We assume that will reprove people or convict them. We assume it will rebuke them or make them face the waywardness of their conduct and their belief. We assume it will exhort them, which is a word that means “it will warn them about judgment and call on them to change their conduct.” That’s how we have to preach.
Then in verse 3 he says, “For the time will come when they will not endure sound doctrine, but wanting to have their ears tickled, they will accumulate for themselves teachers in accordance to their own desires, will turn away their ears from the truth and will turn aside to myths.”

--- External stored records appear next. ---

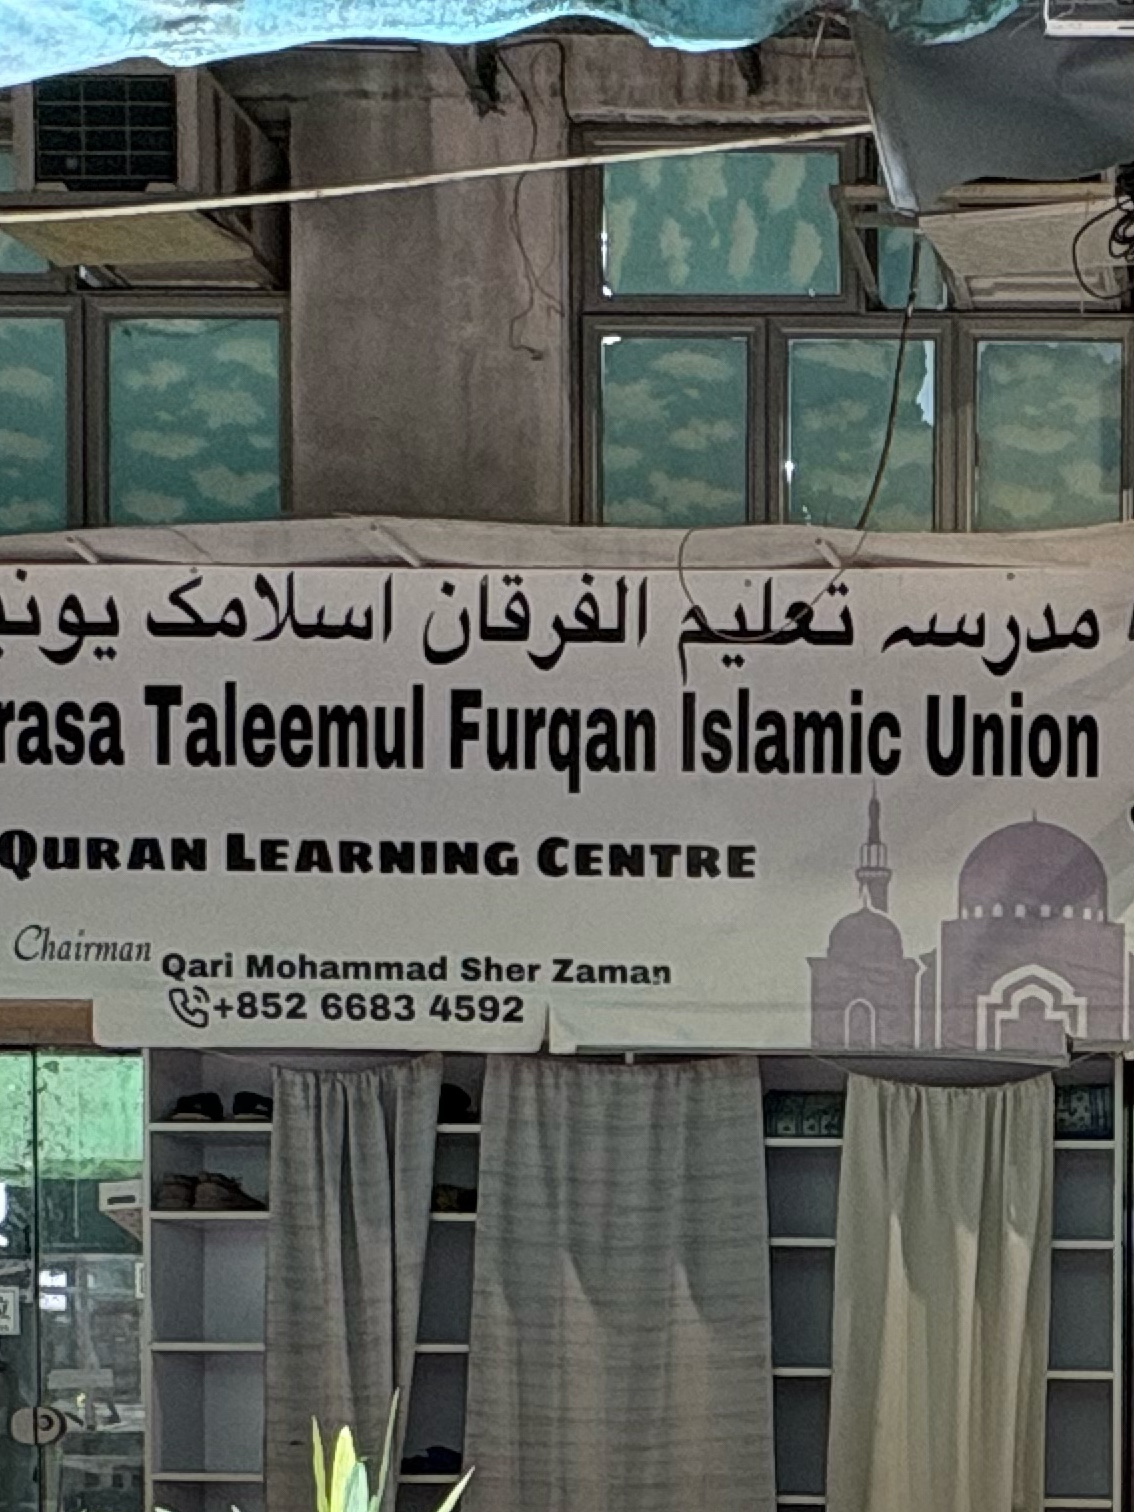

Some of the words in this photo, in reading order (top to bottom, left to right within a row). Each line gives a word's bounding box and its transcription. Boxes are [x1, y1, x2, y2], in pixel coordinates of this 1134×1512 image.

[422, 572, 648, 671] الفرقان
[144, 681, 424, 769] Taleemul
[450, 688, 656, 793] Furqan
[681, 687, 902, 776] Islamic
[926, 691, 1099, 777] Union
[0, 829, 207, 881] QURAN
[226, 833, 519, 876] LEARNING
[537, 836, 756, 878] CENTRE
[13, 924, 152, 962] Chairman
[162, 953, 233, 982] Qari
[246, 954, 448, 982] Mohammad
[460, 957, 541, 983] Sher
[551, 958, 672, 985] Zaman
[213, 991, 308, 1020] +852
[321, 993, 416, 1021] 6683
[429, 995, 524, 1023] 4592
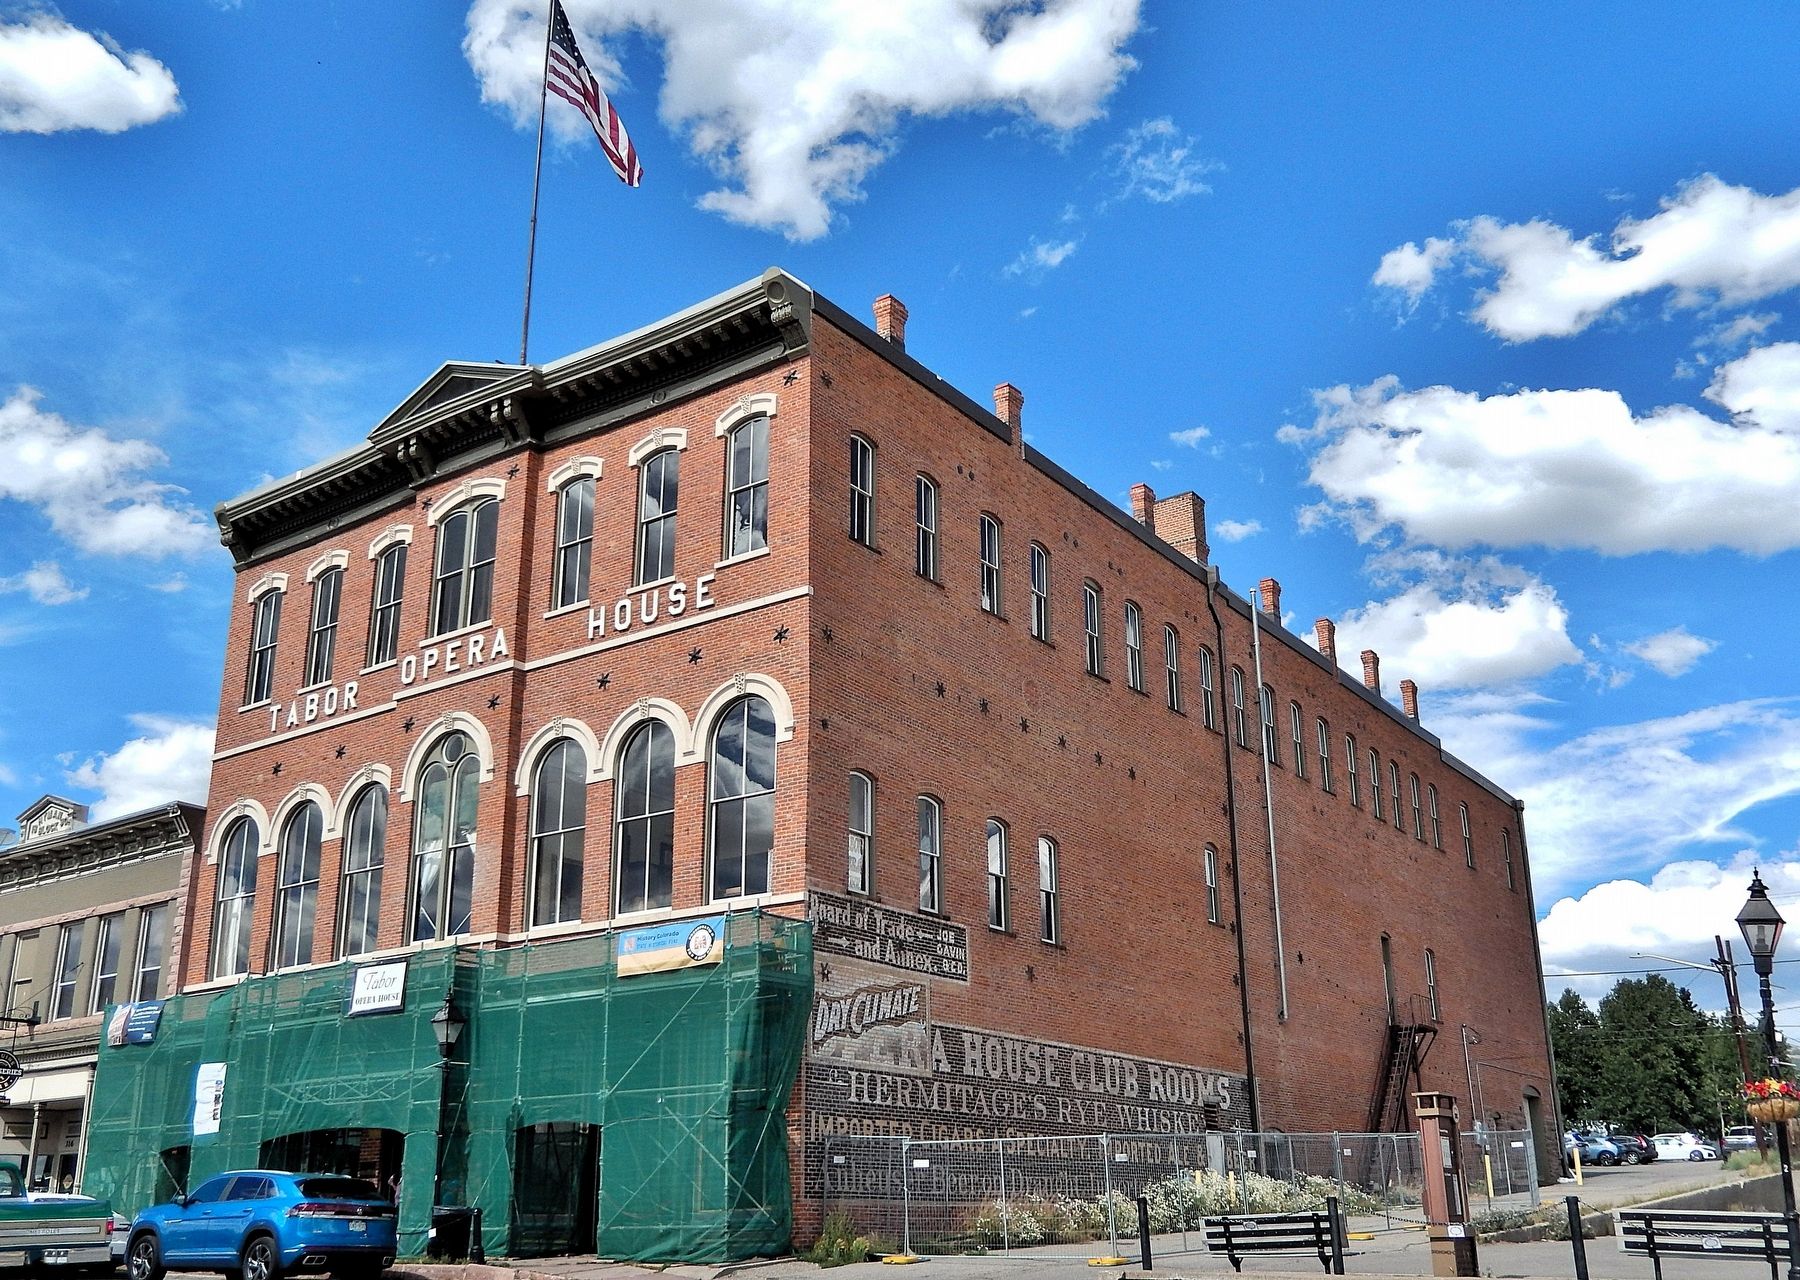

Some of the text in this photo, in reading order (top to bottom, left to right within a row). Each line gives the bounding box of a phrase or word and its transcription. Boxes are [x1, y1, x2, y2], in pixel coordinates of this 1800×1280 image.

The primary responsibility of any preacher and any pastor is to make sure he preaches the Word to his people and gives them sound doctrine. It isn’t always going to be what they want, it is always going to be what they need.
And when they begin to accumulate to themselves teachers who tickle their ears and make them feel good, who feed them what they want out of their own desires, they will turn away from the truth and they’ll buy myths. Discernment will not flourish in an atmosphere like we have today, which is characteristically described, I think, as one of doctrinal confusion rather than doctrinal conviction.
There’s a second cause I noted for you in our last message and it contributes also to this lack of discernment. It is a failure to be antithetical and it follows exactly along the first one. It fails - this culture fails to want to be antithetical. It doesn’t want to debate. It doesn’t want to be polemical. It wants to be relativistic.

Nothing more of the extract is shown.